Restatement of Judgments § 42 (1942) (emphasis added). This doctrine assumes a set of circumstances which are simply not the case here: that in the second action the defense of res judicata was waived because it was not asserted. Restatement, supra, Comment a. By its terms § 42 does not apply to this case because our case is not a third action testing the validity of two prior inconsistent judgments, but rather a direct challenge of one judgment in light of a later conflicting one. In such a case it is not § 42 but § 43 that applies. Section 43 provides:

A valid and final judgment rendered in one action is conclusive in another action between the parties although the other action was commenced before the rendition of the judgment or before the commencement of the action in which the judgment was rendered.

It is therefore not the judgment in this action which is controlled by the Pike judgment but vice versa. Although the first judgment was appealed, it was final for res judicata purposes. Firestone Tire & Rubber Co. v. Hart's Estate, 104 Vt. 197, 201, 158 A. 92, 94 (1932).
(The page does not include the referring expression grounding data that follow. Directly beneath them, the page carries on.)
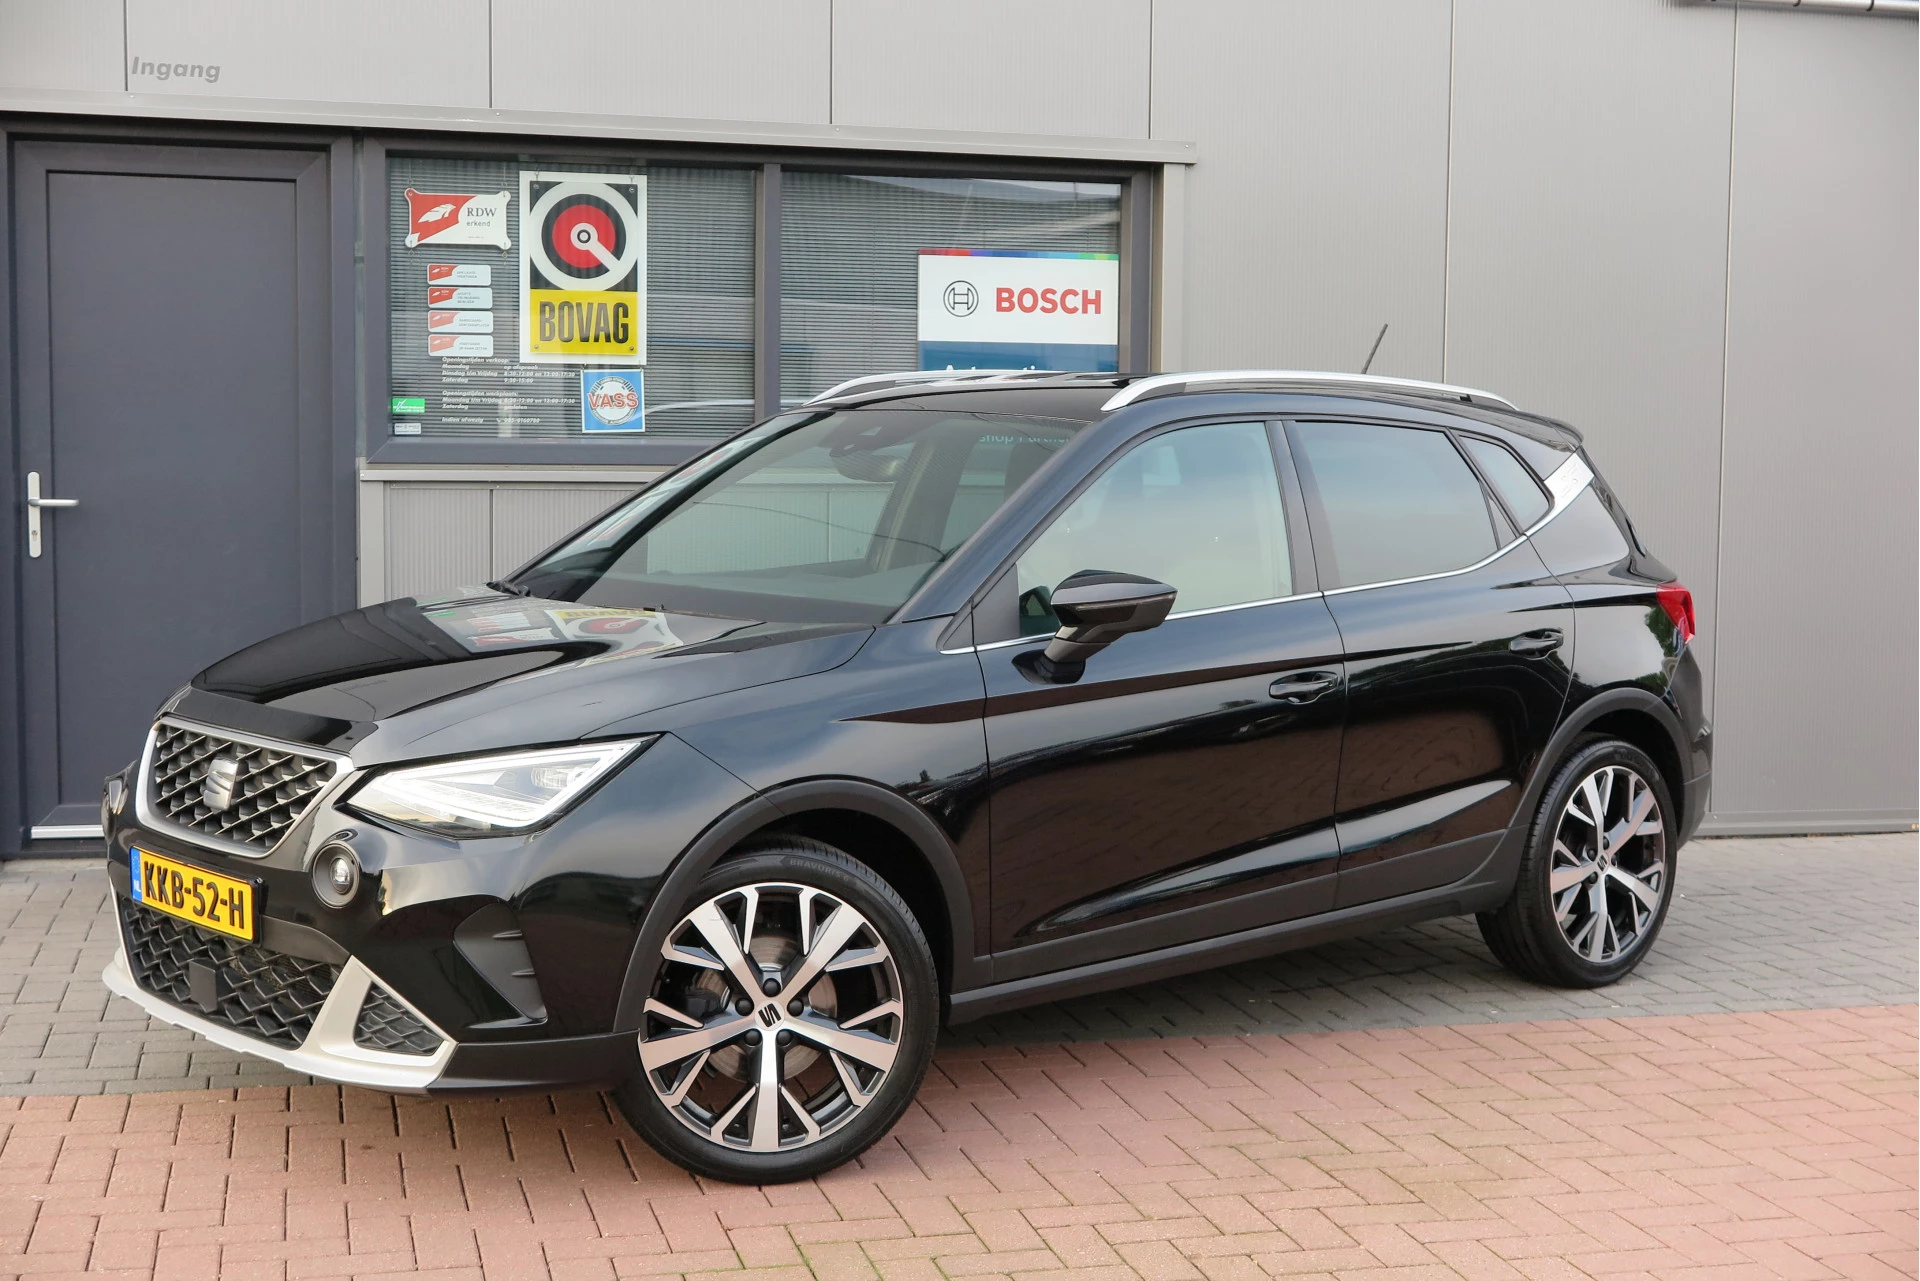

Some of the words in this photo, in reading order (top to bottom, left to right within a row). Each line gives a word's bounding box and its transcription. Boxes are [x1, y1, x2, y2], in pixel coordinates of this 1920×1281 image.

[131, 56, 221, 83] Ingang
[467, 207, 497, 217] RDW
[996, 287, 1102, 315] BOSCH
[539, 301, 629, 343] BOVAG
[588, 392, 638, 409] VASS
[144, 860, 245, 930] KKB-52-H
Furthermore, we have noted in the companion case to this one that the stipulation submitting the contract issue to arbitration bound Middlebury and Bean to the arbitration result. Pike Industries, Inc. v. Middlebury Associates, supra, --- Vt. at ---, --- A.2d at ----. Since the arbitration award was rendered first, Middlebury was bound to that result.

II.

Middlebury also argues that the trial court erred in failing to vacate the award in light of the failure of two of the arbitrators to disclose certain relationships with the parties. They point out that § 18 of the Construction Industry Arbitration Rules (under which this arbitration was conducted) provides:

A person appointed as a neutral arbitrator shall disclose any circumstances likely to create a presumption of bias or which might disqualify him as a neutral arbitrator, including any past or present relationship with the parties or their counsel. Upon receipt of such information from any source, the AAA shall...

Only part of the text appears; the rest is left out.